History of restrictive covenants in Illinois

Illinois law has long required employers to provide adequate consideration in exchange for requiring employees to agree to restrictive covenants such as covenants not to compete, covenants not to solicit customers or employees, or covenants not to disclose confidential information. The consideration may take many forms, such as a guaranteed period of employment, a signing bonus, or even continued at-will employment.

Although courts allow continued at-will employment to support restrictive covenants, they have expressed concern that this form of consideration may be illusory because the employer could terminate the employment shortly after the employee agrees to the restrictive covenant. To address this concern, Illinois courts have required at-will employment to be for a “substantial” period of time. Without adopting a bright-line rule about what qualifies as “substantial,” Illinois courts have held that three months and seven months of continued employment was not long enough to support two-year restrictions,1 while in other cases two or more years of employment was sufficient.2

The Fifield decision

In an opinion issued June 24, 2013, the Illinois Appellate Court ruled in Fifield v. Premier Dealer Services, Inc. that for continued at-will employment to qualify as adequate consideration to support a restrictive covenant, the employment must last at least two years. 2013 IL App (1st) 12037 ¶ 19. Fifield worked for a subsidiary that was sold to Premier. As a result of the sale, Fifield was slated to lose his job, but Premier offered to keep him employed if he agreed to two-year noncompetition and non-solicitation restrictions. Fifield got Premier to agree that the restrictions would not apply if Premier terminated his employment without cause during the first year. Three months after making the deal, Fifield left to join a competitor.
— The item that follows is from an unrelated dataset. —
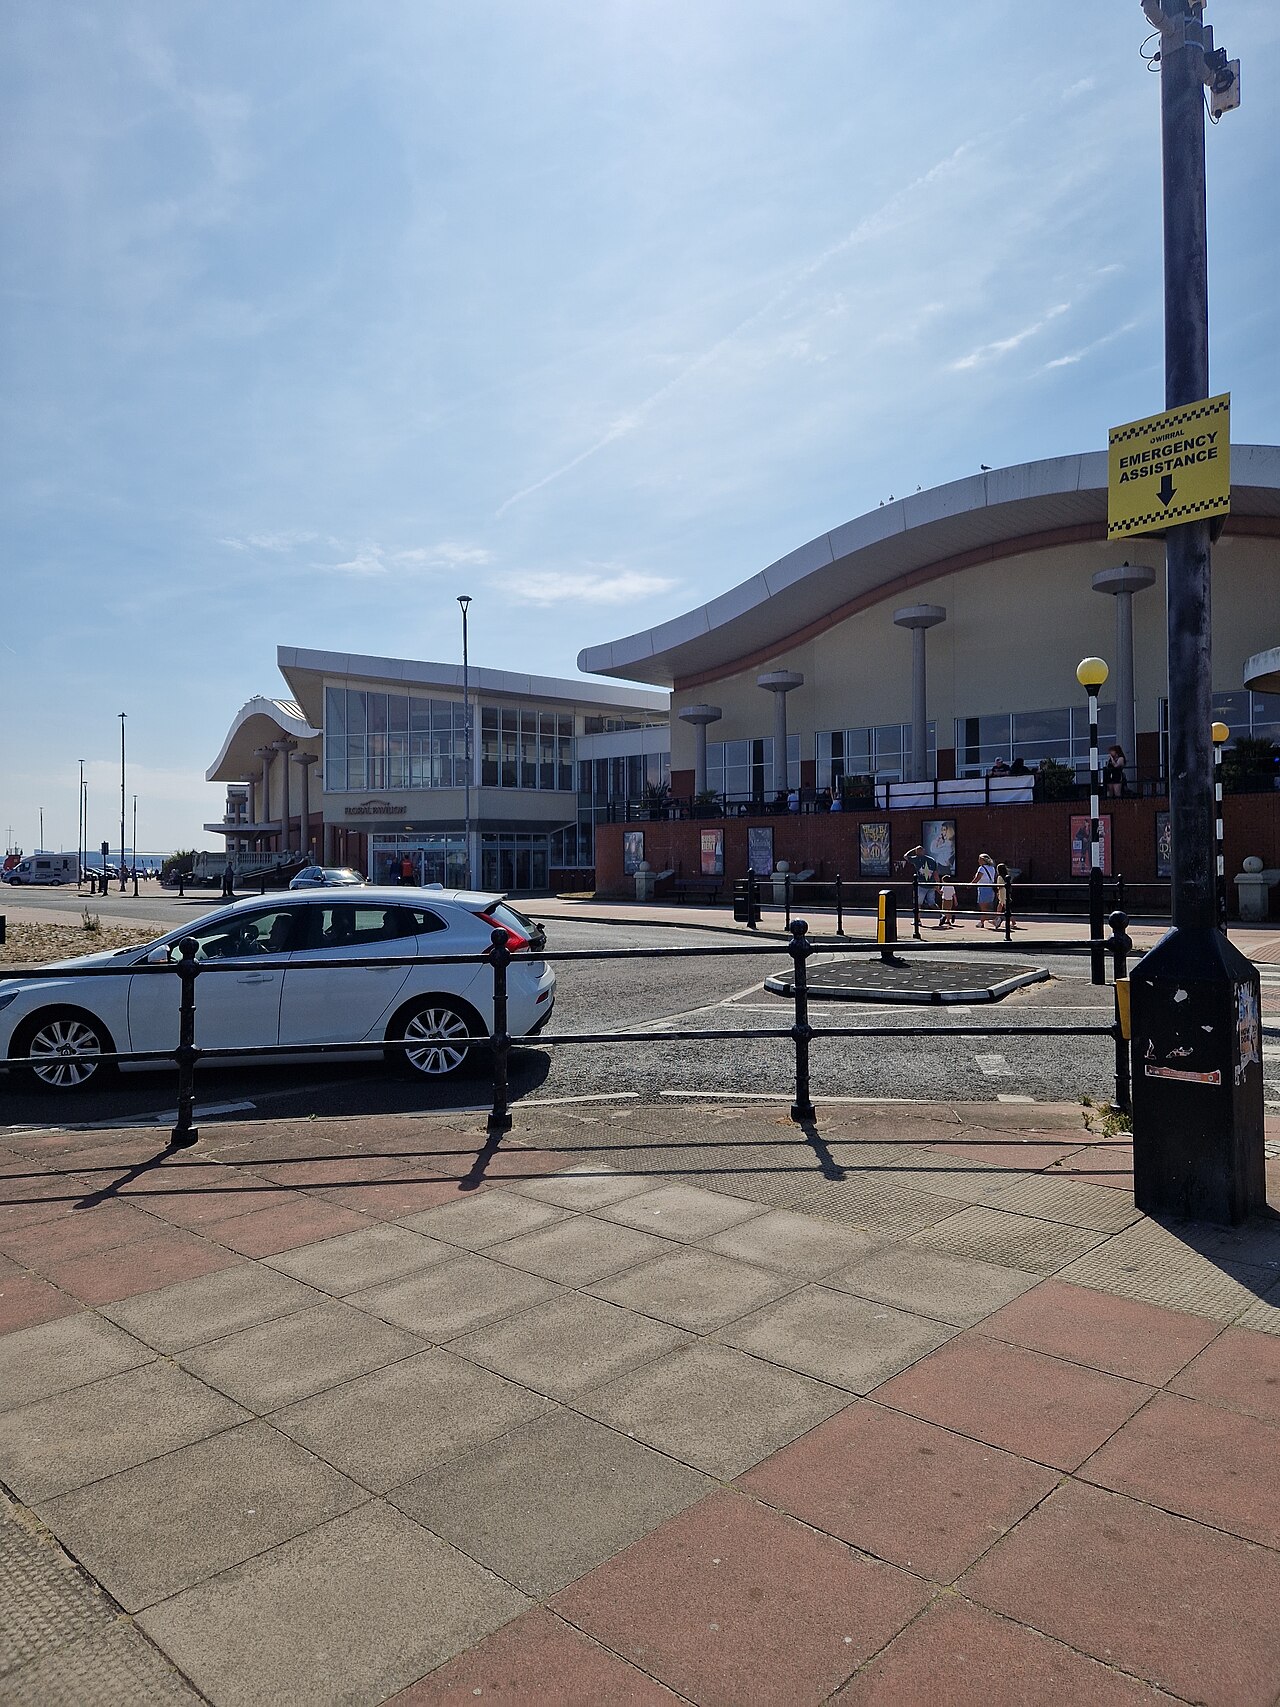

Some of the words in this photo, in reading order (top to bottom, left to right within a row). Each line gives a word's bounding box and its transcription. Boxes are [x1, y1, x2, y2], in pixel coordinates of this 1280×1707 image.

In the ensuing litigation, Premier argued that the restrictive covenants were supported by adequate consideration because Premier agreed to keep Fifield employed and agreed not to enforce the restrictions if Premier fired him without cause during the first year. Premier also argued that the consideration was not illusory because it was Fifield who chose to leave. The court rejected these arguments. It did not matter to the court that Fifield chose to leave or that he agreed to the restrictions as a “new,” as opposed to an existing, employee. Id. ¶ 17. And although at one point in the opinion the court acknowledged that under existing Illinois cases, two years of continued employment “generally” was enough to support restrictive covenants (id. ¶ 17), the court appeared to turn that general rule into a bright-line test by holding that Fifield’s three months of employment at Premier was “far short of the two years required for adequate consideration under Illinois law.” Id. ¶ 19.
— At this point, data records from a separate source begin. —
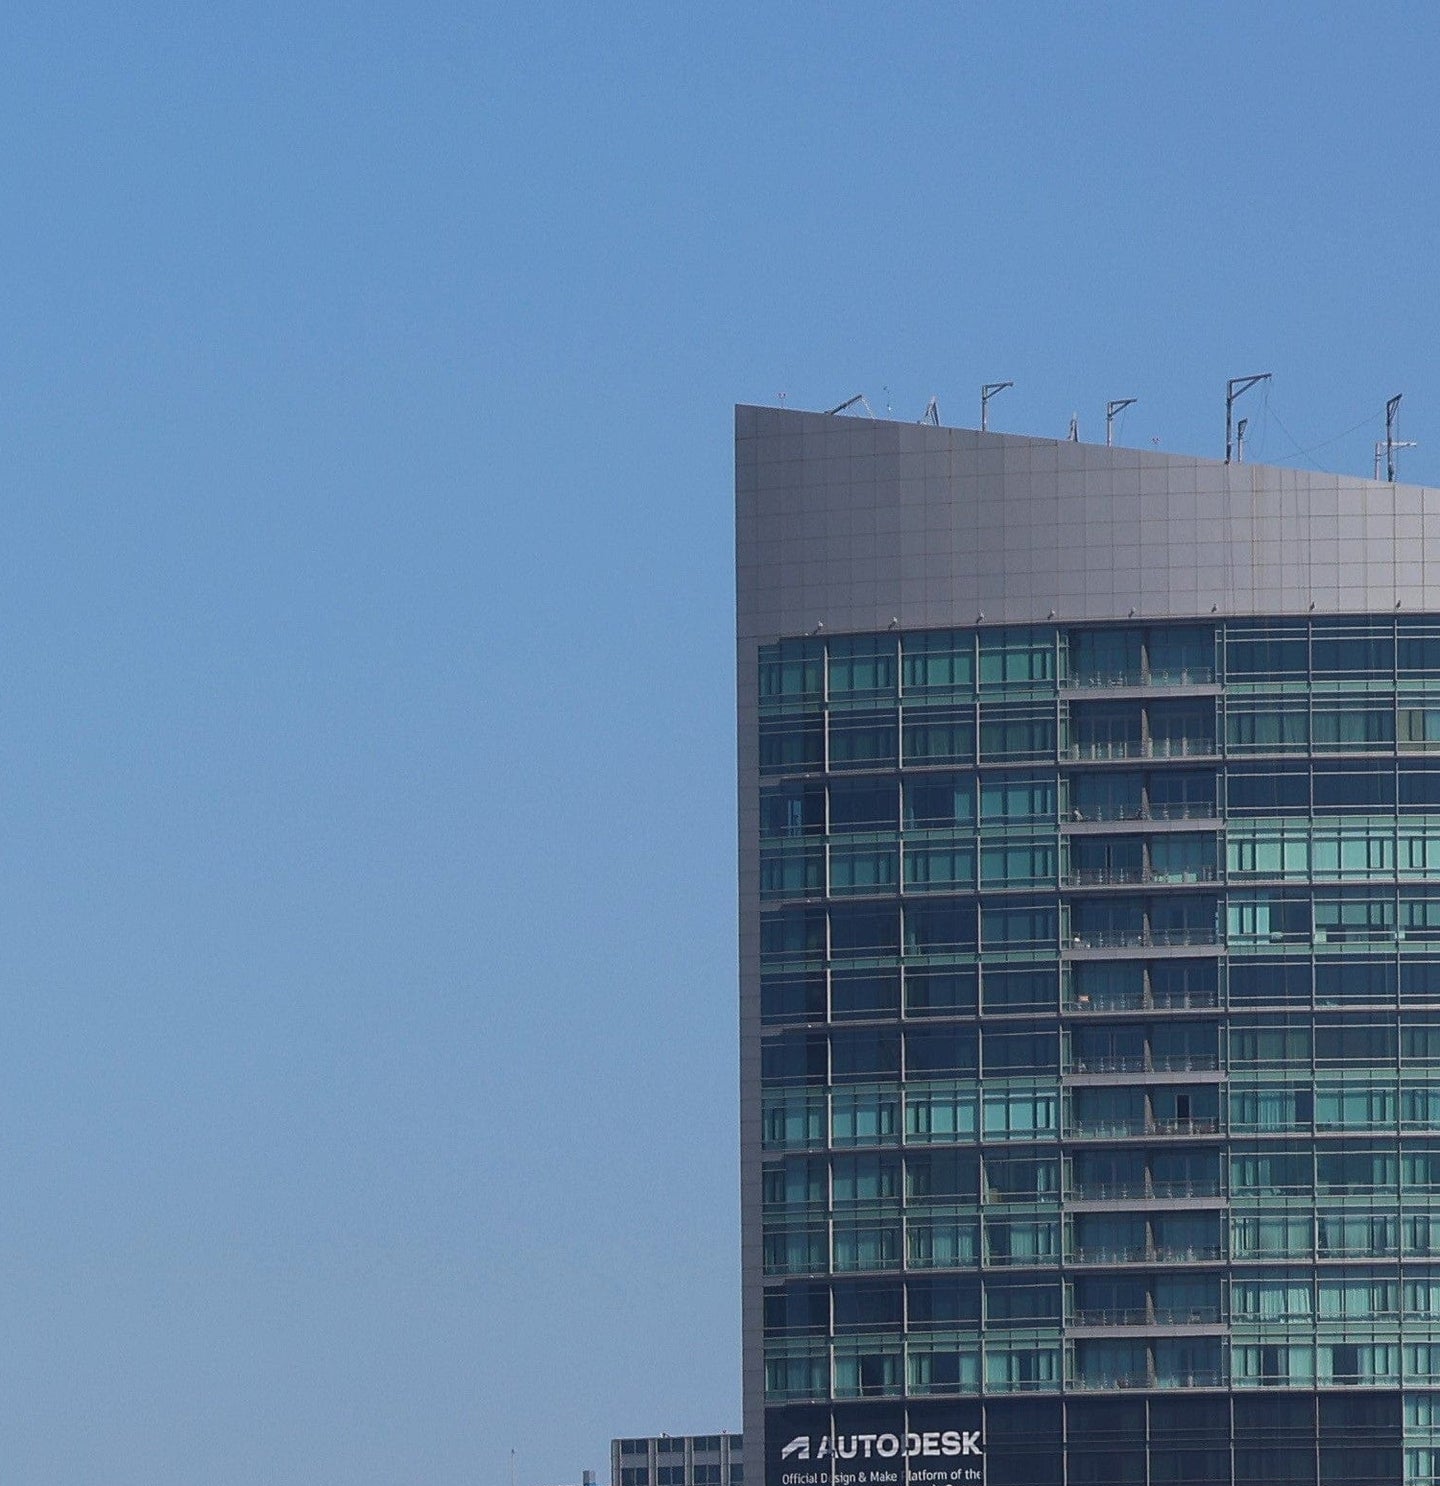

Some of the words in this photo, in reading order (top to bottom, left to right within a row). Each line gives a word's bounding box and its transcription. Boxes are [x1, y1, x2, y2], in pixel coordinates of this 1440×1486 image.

[817, 1431, 982, 1459] AUTODESK
[782, 1472, 817, 1485] Official
[821, 1472, 856, 1486] Dsign
[858, 1471, 866, 1483] &
[870, 1470, 897, 1482] Make
[901, 1469, 947, 1482] latform
[950, 1468, 962, 1480] of
[965, 1468, 981, 1480] the
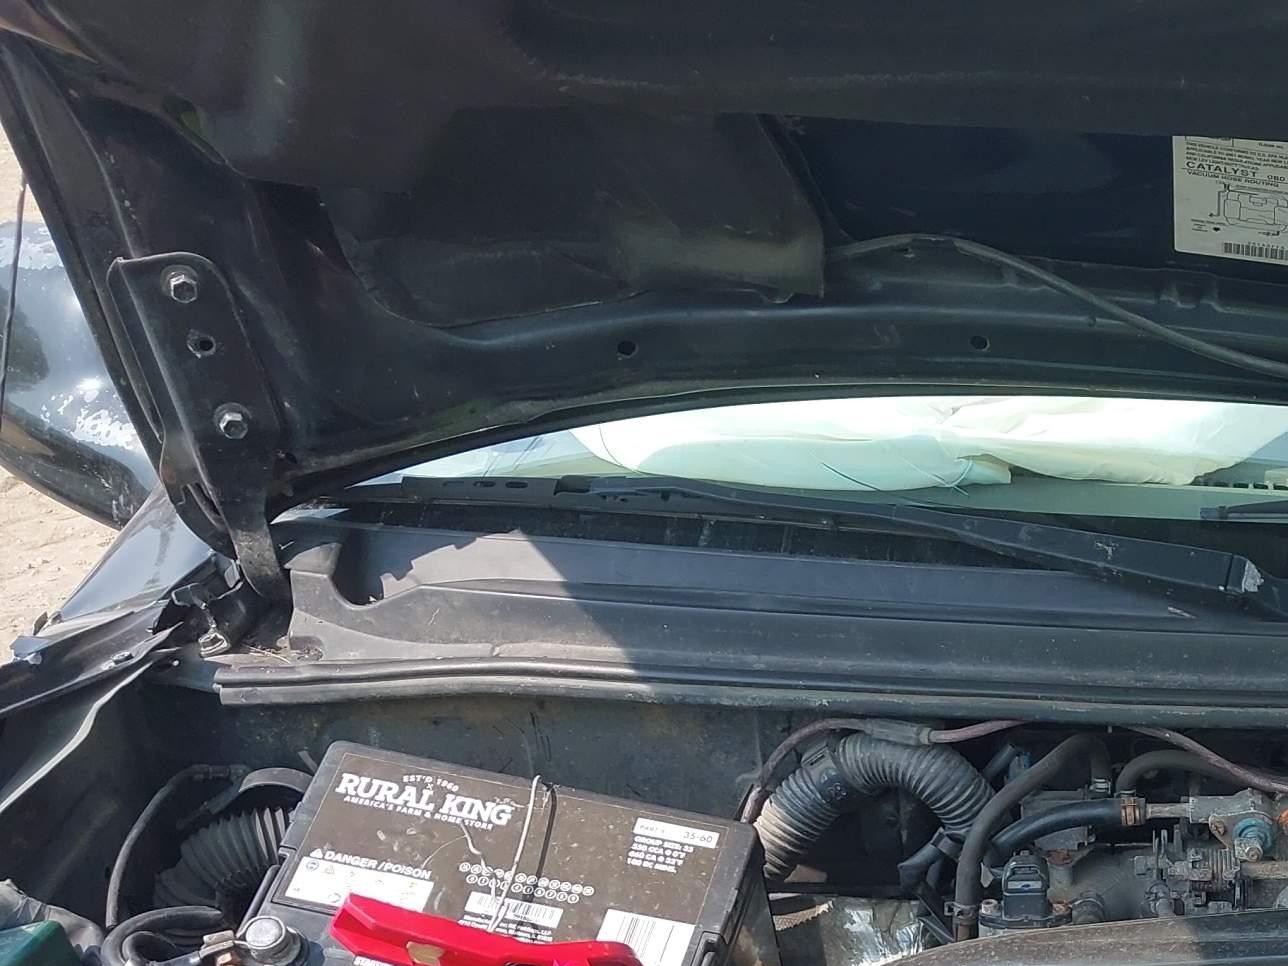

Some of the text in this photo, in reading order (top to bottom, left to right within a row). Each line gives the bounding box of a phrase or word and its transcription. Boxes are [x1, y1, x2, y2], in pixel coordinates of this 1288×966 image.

[1186, 161, 1257, 178] CATALYST
[335, 773, 516, 827] RURAL KING
[343, 795, 394, 811] AMERICA'S
[395, 805, 422, 817] FARM
[434, 813, 462, 824] HOME
[464, 819, 494, 831] STORE
[683, 831, 713, 844] 35-60
[324, 851, 379, 868] DANGER
The court did not indicate whether it would have relaxed the two-year employment requirement if the restrictive covenants were for a period less than two years. The court also did not address what other forms of consideration might be sufficient to support restrictive covenants. Unless the Illinois Supreme Court accepts an appeal and reverses the opinion, employers should anticipate thatunless they provide additional consideration to support restrictive covenants by their at-will employees, an employee’s continued employment for less than two years likely will not be sufficient consideration.

What this means for your company

To address this, employers may consider a range of options, including offering their at-will employees a signing bonus or other monetary compensation tied to the signing or continuation of the restrictive covenant. In some cases the employer might decide to share confidential or proprietary information that it would not otherwise share without the restrictive covenant. The key is that the employer must provide some real benefit to the employee beyond what the employee would receive anyway if the employee did not agree to the restrictive covenant.